Dr. Jenny Horsman on Trauma and Literacy
Keynote Address


Adult literacy providers hear stories of transitions and desires for a better life from the adult literacy learners they work with everyday. Many learners enter into literacy programs with the ultimate goal to shift from their current domestic situation. More and more providers are discovering that the learner's current situation is often a violent and traumatic one. Layer upon layer of violent experiences affect the adult learner, not only as part of their past but also their present experience. One literacy worker told Horseman that out of 20 women in her class, 98% came from or were in an abusive relationship and 100% had violent childhood backgrounds. This illustrates the main point that Dr. Jenny Horsman conveys in her presentation, "Trauma and Literacy." One cannot work with adult literacy learners and ignore violence or trauma.

Learners struggle to get out from under the layers of abuse. Each step can be an extraordinarily difficult process. Psychologists have long known that trauma affects learning. Recently, educators have begun to address this important issue. Horsman asked the difficult questions concerning the impact of trauma on learning in her most recent discussion paper,"But I'm Not a Therapist: Furthering Discussion about Literacy Work with Survivors of Trauma." Violence and trauma have become a familiar story told by the literacy learner, yet silence surrounds the issue and obscures the implications for learning.

The pervasiveness of trauma impacts the learner's mental presence and performance in the classroom.
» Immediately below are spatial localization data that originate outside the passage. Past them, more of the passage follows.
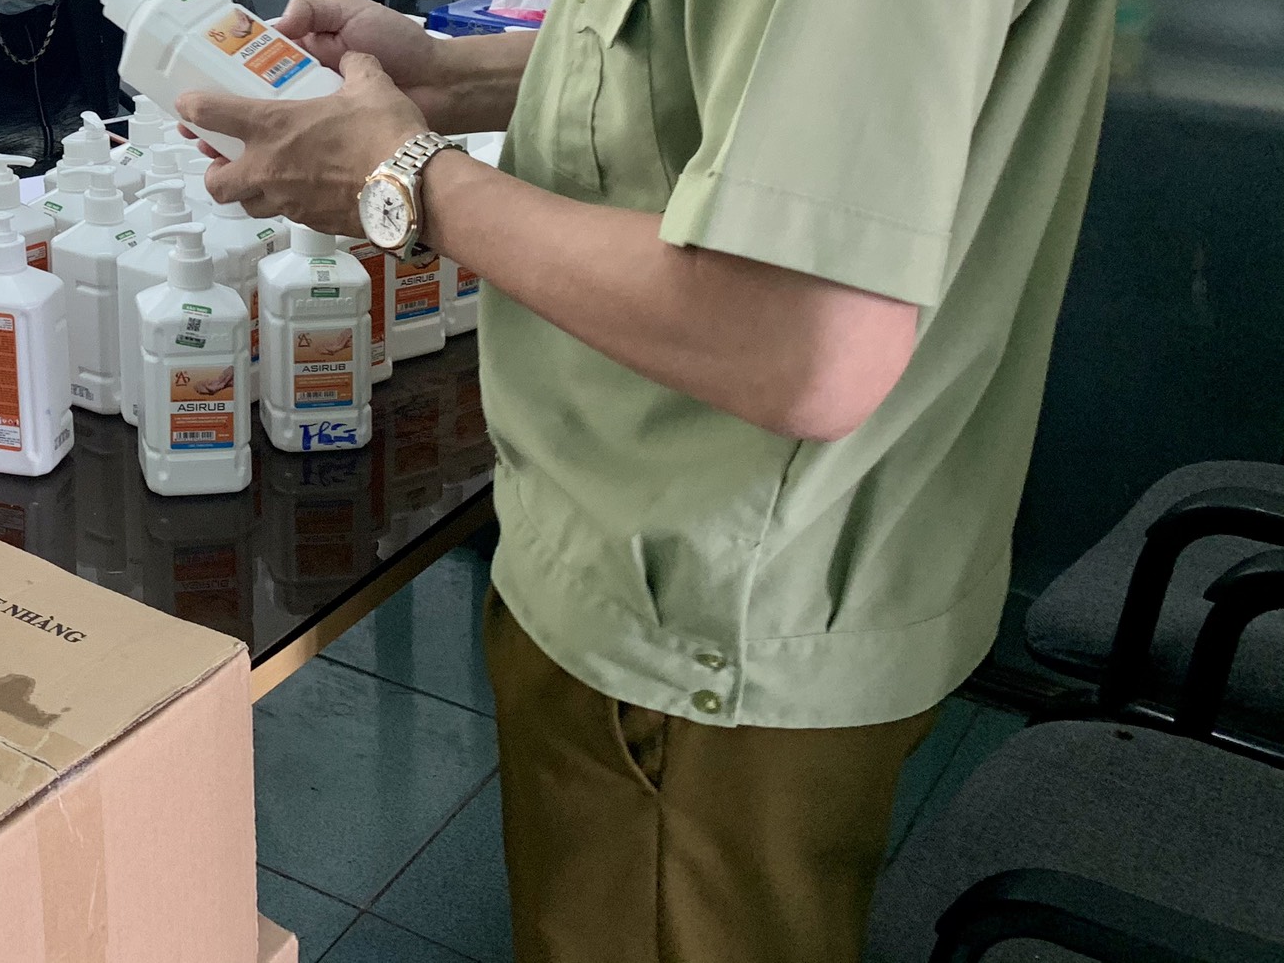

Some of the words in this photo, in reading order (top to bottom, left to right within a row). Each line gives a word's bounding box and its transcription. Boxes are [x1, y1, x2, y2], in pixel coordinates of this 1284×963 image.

[240, 33, 273, 59] ASIRUB
[400, 273, 435, 286] ASIRUB
[302, 363, 346, 373] ASIRUB
[177, 402, 226, 412] ASIRUB
[1, 603, 87, 644] NHÀNG
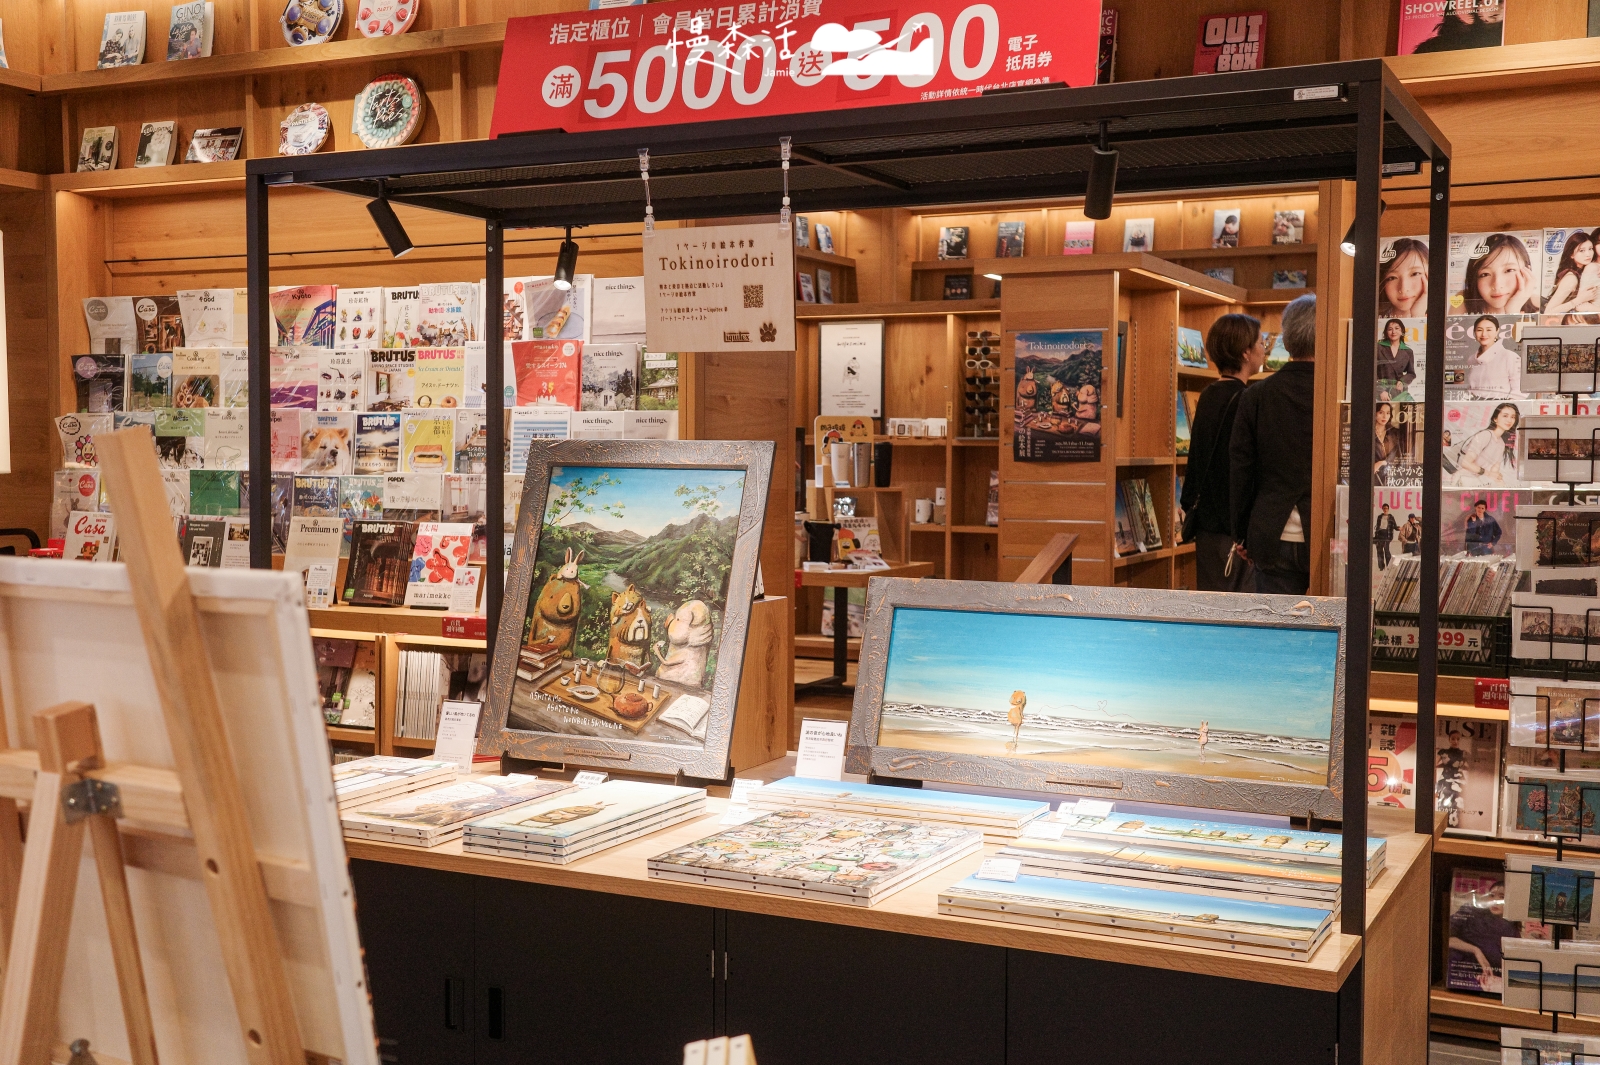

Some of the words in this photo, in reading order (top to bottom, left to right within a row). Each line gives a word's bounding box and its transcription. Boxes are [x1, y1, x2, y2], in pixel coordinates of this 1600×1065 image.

[176, 4, 202, 19] GINO
[550, 17, 630, 45] 指定櫃位
[1204, 15, 1263, 46] OUT
[1007, 34, 1039, 52] 電子
[1222, 44, 1237, 54] OF
[1238, 42, 1259, 53] THE
[1005, 50, 1053, 72] 抵用券
[1217, 52, 1258, 71] BOX
[549, 72, 575, 100] 滿
[583, 34, 777, 118] 5000
[797, 50, 824, 78] 送
[369, 89, 402, 115] Tarts
[659, 252, 774, 270] Tokinoirodori
[618, 283, 636, 291] things.
[391, 291, 420, 300] BRUTU
[138, 305, 155, 313] Casa
[724, 331, 750, 342] Liquitex
[371, 350, 416, 362] BRUTUS
[418, 349, 456, 359] BRUTUS
[362, 415, 396, 427] BRUTUS
[75, 515, 107, 535] Casa
[300, 524, 330, 533] Premium
[362, 523, 396, 534] BRUTUS
[1467, 637, 1479, 648] 元
The learner uses energy to deal with the violent issues as well as to hide the violent experiences. What energy can she possibly have left for learning?

Adult learners, especially women, try to speak out about the violence but are often "swallowed by the aftermath of silence." Even though violence and trauma are familiar experiences within the adult learner population, there are still layers of silence surrounding the violence. By remaining silent in the face of violence, trauma and abuse, literacy providers fail to keep the promise they made to work with the literacy learner. By opening up to talk about it, removing the layers of silence one by one, literacy providers start to become trustworthy in the eyes of the adult learner. Providers can help the learner regain control over their lives, stop the violence and subsequently channel the energy to learn. Horsman asks literacy providers to examine how their programs could be perpetuating the silence by treating violence as if it were an acceptable part of life.

It is important to question, listen to the talk about the issues, and to keep the discussion going in order to get beyond the aftermath of silence. Most of all, we must, when appropriate, be able to say to traumatized adult learners, "You need to tell your story, but I'm not the one to hear it. Let me help you find someone who can hear your story and help you through this trauma."